В «дробной» цельности, в кажущейся недвижности предстает нашему взору какая-то магическая красота картины: сквозит в белом облаке чистая небесная синева, сами облака видны сквозь вершины деревьев, а зелень этих вершин отражается в воде, одно входит в другое, спокойно уступая друг другу место и возможность для последнего отражения в зеркале бассейна. А на его фоне — два женских лица: одно, потупленное в туманной неге, второе — поднятое, с вопрошающе-немым взором…
Ощущение глубокой, как бы звучащей тишины, апофеоз возвышенного бытия человека в природе… Настроение полотна, пожалуй, лучше всего выражают прекрасные тютчевские строки:
Так, в жизни есть мгновения —
Их трудно передать,
Они самозабвения
Земного благодать.
………………………………
Все пошлое и ложное
Ушло так далеко,
Все мило-невозможное
Так близко и легко.
И любо мне, и сладко мне,
И мир в моей груди,
Дремотою обвеян я —
О время, погоди!
Призывом к «прекрасному мгновению» остановиться наполнена тишина мусатовской картины. И все же в «Водоеме» безмятежная красота летней природы не подчиняет себе полностью героинь. Этой безмятежности нет в их обликах. Напротив, в фигуре стоящей в оцепенении девушки, повернутой к земле, но внутренне преисполненной всем, что сияет за ее спиной, — гармонией мира, самой музыкой водоема, в фигуре, стоящей на «грани» неба и берега, — есть намек на это мучительно «пограничное» состояние души… В замыкающей же композицию фигуре сидящей как бы звучит тревожный мотив «вслушивания»…

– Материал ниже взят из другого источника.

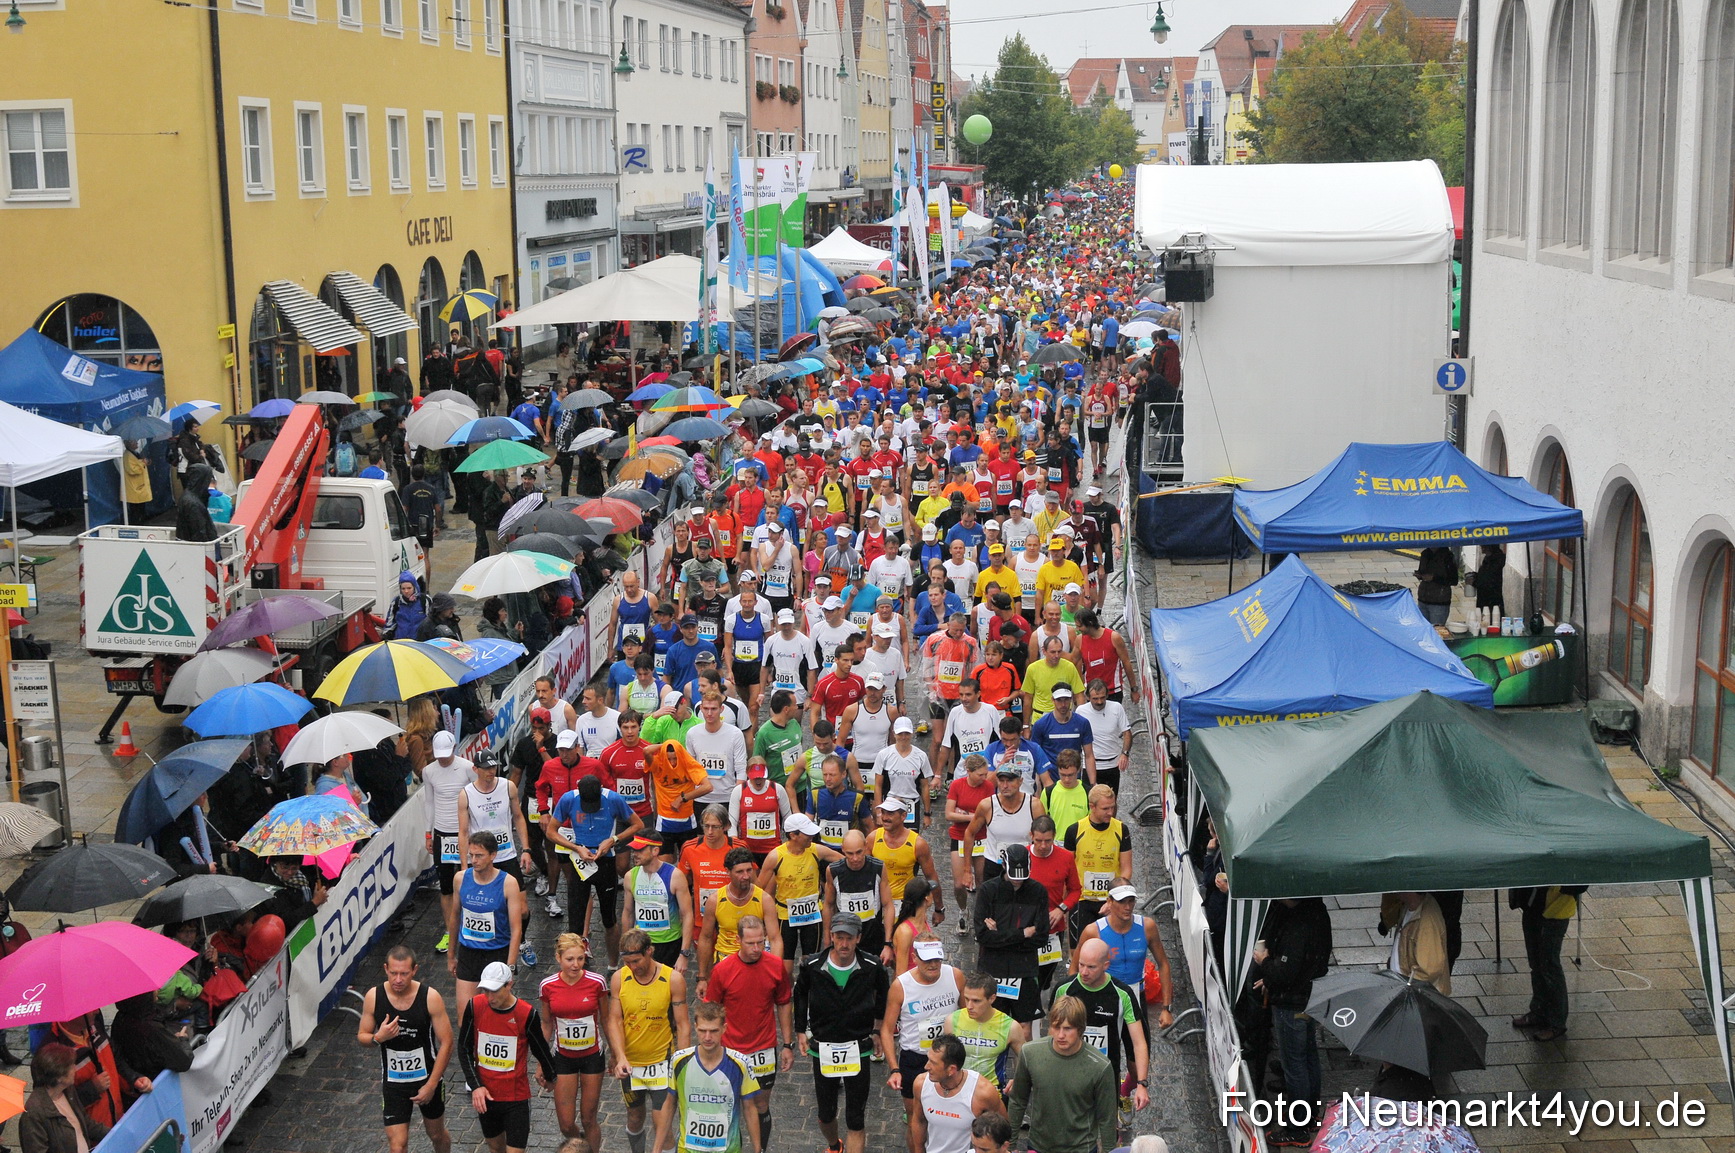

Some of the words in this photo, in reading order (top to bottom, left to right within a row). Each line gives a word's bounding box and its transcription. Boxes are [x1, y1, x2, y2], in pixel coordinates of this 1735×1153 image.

[932, 84, 945, 149] HOTEL
[407, 217, 431, 246] CAFE
[434, 216, 453, 243] DELI
[79, 311, 104, 328] FOTO
[100, 392, 129, 411] Neumarkter
[128, 387, 149, 401] Tagblatt
[1371, 474, 1468, 492] EMMA
[1341, 526, 1509, 543] www.emmanet.com
[768, 574, 785, 583] 3247
[884, 586, 896, 594] 152
[97, 635, 112, 644] Jura
[113, 636, 146, 646] Gebäude
[147, 637, 173, 648] Service
[174, 639, 197, 648] GmbH
[741, 646, 752, 654] 45
[943, 666, 959, 675] 202
[961, 728, 984, 736] Xplus1
[962, 741, 985, 753] 3251
[700, 758, 725, 770] 3419
[892, 769, 915, 777] Xplus1
[619, 784, 643, 795] 2029
[753, 819, 771, 829] 109
[824, 827, 843, 837] 814
[466, 894, 494, 903] ELOTEC
[318, 841, 399, 984] BOCK
[791, 901, 817, 916] 2002
[848, 900, 870, 912] 818
[638, 908, 665, 921] 2001
[465, 917, 492, 932] 3225
[241, 960, 283, 1035] Xplus1
[922, 997, 956, 1013] MECKLER
[565, 1026, 588, 1039] 187
[484, 1043, 509, 1059] 605
[832, 1050, 848, 1064] 57
[390, 1056, 423, 1072] 3122
[191, 1117, 205, 1137] Ihr
[258, 1010, 285, 1050] Neumarkt
[690, 1086, 716, 1094] TEAM
[688, 1094, 727, 1104] BOCK
[690, 1120, 725, 1138] 2000
[695, 1138, 717, 1147] Michael

Да, здесь, в Зубриловке, где Мусатов впервые полно почувствовал единство души и мира, мечты и яви, вечного и прошлого, он не мог не вслушиваться в напряженную солнечную тишину «остановившегося» времени. Никакого конкретно-зримого «духа старины» в «Водоеме» нет: здесь, как, впрочем, и в других зубриловских работах, изображенные одежды девушек ненамного старше мусатовских времен. И это в Зубриловке, где художник мог удовлетворить свою юношескую мечту о «подлинности» исторических впечатлений, где он, без сомнения, любовался коллекцией костюмов XVIII — начала XIX века! Но, по-прежнему погружаясь в аромат подлинного, Мусатов уже попросту свободен от переходного, поры становления его мира, увлечения «париками», «камзолами», «фижмами», «кринолинами». От всей ветоши музейного гардероба, от этого «старого хлама» он обращается теперь в глубь самой поэзии былого. Вот почему «зубриловский дух» нашел свое выражение именно в самом настроении картины, не лишенном при всей ее созерцательности внутреннего драматизма. За этим сиянием тишины — скрытые раздумья зрелого человека, которые овладели им в момент ощущения полноты земного бытия, близости счастья.